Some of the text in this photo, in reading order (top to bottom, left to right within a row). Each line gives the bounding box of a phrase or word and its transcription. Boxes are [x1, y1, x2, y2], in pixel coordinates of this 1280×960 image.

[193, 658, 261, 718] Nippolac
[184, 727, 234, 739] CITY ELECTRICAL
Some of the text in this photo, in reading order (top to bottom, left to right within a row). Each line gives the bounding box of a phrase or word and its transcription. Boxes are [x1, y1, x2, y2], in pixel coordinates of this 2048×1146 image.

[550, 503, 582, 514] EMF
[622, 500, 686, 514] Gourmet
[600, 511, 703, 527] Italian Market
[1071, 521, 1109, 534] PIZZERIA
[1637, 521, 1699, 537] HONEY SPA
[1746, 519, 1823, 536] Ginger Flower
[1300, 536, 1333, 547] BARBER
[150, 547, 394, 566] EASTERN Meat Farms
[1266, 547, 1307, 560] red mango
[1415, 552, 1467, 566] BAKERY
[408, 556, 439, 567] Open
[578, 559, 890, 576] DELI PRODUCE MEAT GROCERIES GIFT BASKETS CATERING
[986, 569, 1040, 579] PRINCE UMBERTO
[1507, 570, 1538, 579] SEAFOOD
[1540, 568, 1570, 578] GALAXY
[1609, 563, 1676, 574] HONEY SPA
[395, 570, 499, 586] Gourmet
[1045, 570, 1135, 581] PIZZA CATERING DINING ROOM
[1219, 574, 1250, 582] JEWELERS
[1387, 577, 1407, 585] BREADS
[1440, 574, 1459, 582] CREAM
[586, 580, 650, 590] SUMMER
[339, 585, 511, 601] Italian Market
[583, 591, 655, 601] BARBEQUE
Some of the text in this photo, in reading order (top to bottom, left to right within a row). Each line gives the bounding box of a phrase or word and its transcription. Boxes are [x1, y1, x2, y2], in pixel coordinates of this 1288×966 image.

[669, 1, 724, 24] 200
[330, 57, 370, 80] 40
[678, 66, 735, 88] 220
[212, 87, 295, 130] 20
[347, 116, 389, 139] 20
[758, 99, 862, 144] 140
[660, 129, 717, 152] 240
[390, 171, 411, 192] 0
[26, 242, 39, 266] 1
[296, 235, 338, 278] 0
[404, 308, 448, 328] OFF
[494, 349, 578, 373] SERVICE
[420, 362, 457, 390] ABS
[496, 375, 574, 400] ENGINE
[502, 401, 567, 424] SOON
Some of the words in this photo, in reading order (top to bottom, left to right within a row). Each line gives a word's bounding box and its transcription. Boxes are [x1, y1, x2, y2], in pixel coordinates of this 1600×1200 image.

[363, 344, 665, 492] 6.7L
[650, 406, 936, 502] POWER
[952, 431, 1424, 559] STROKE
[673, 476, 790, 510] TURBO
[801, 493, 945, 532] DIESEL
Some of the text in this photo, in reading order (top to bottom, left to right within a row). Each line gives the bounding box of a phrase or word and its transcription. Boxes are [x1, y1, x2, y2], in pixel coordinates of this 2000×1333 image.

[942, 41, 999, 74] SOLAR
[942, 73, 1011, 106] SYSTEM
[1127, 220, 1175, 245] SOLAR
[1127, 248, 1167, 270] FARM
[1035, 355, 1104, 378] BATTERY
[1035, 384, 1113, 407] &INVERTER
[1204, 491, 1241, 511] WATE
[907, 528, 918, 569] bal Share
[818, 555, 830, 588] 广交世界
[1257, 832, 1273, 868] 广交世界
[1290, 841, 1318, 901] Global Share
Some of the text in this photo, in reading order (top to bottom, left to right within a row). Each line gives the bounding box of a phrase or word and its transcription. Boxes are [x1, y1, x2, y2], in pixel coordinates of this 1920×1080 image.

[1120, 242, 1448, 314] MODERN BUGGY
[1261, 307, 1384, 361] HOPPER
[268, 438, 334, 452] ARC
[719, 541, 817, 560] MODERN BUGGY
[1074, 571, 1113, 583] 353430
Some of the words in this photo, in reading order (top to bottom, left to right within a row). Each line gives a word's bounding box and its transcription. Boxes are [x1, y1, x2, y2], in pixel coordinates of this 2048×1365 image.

########################################

• Aim of the exercise: Return, please, every line from the one that contains "this 1600×1200 image." through the final line of the listing, exactly, and no others.

• Solution to the problem:
Some of the words in this photo, in reading order (top to bottom, left to right within a row). Each line gives a word's bounding box and its transcription. Boxes are [x1, y1, x2, y2], in pixel coordinates of this 1600×1200 image.

[363, 344, 665, 492] 6.7L
[650, 406, 936, 502] POWER
[952, 431, 1424, 559] STROKE
[673, 476, 790, 510] TURBO
[801, 493, 945, 532] DIESEL
Some of the text in this photo, in reading order (top to bottom, left to right within a row). Each line gives the bounding box of a phrase or word and its transcription. Boxes are [x1, y1, x2, y2], in pixel coordinates of this 2000×1333 image.

[942, 41, 999, 74] SOLAR
[942, 73, 1011, 106] SYSTEM
[1127, 220, 1175, 245] SOLAR
[1127, 248, 1167, 270] FARM
[1035, 355, 1104, 378] BATTERY
[1035, 384, 1113, 407] &INVERTER
[1204, 491, 1241, 511] WATE
[907, 528, 918, 569] bal Share
[818, 555, 830, 588] 广交世界
[1257, 832, 1273, 868] 广交世界
[1290, 841, 1318, 901] Global Share
Some of the text in this photo, in reading order (top to bottom, left to right within a row). Each line gives the bounding box of a phrase or word and its transcription. Boxes are [x1, y1, x2, y2], in pixel coordinates of this 1920×1080 image.

[1120, 242, 1448, 314] MODERN BUGGY
[1261, 307, 1384, 361] HOPPER
[268, 438, 334, 452] ARC
[719, 541, 817, 560] MODERN BUGGY
[1074, 571, 1113, 583] 353430
Some of the words in this photo, in reading order (top to bottom, left to right within a row). Each line gives a word's bounding box and its transcription. Boxes are [x1, y1, x2, y2], in pixel coordinates of this 2048×1365 image.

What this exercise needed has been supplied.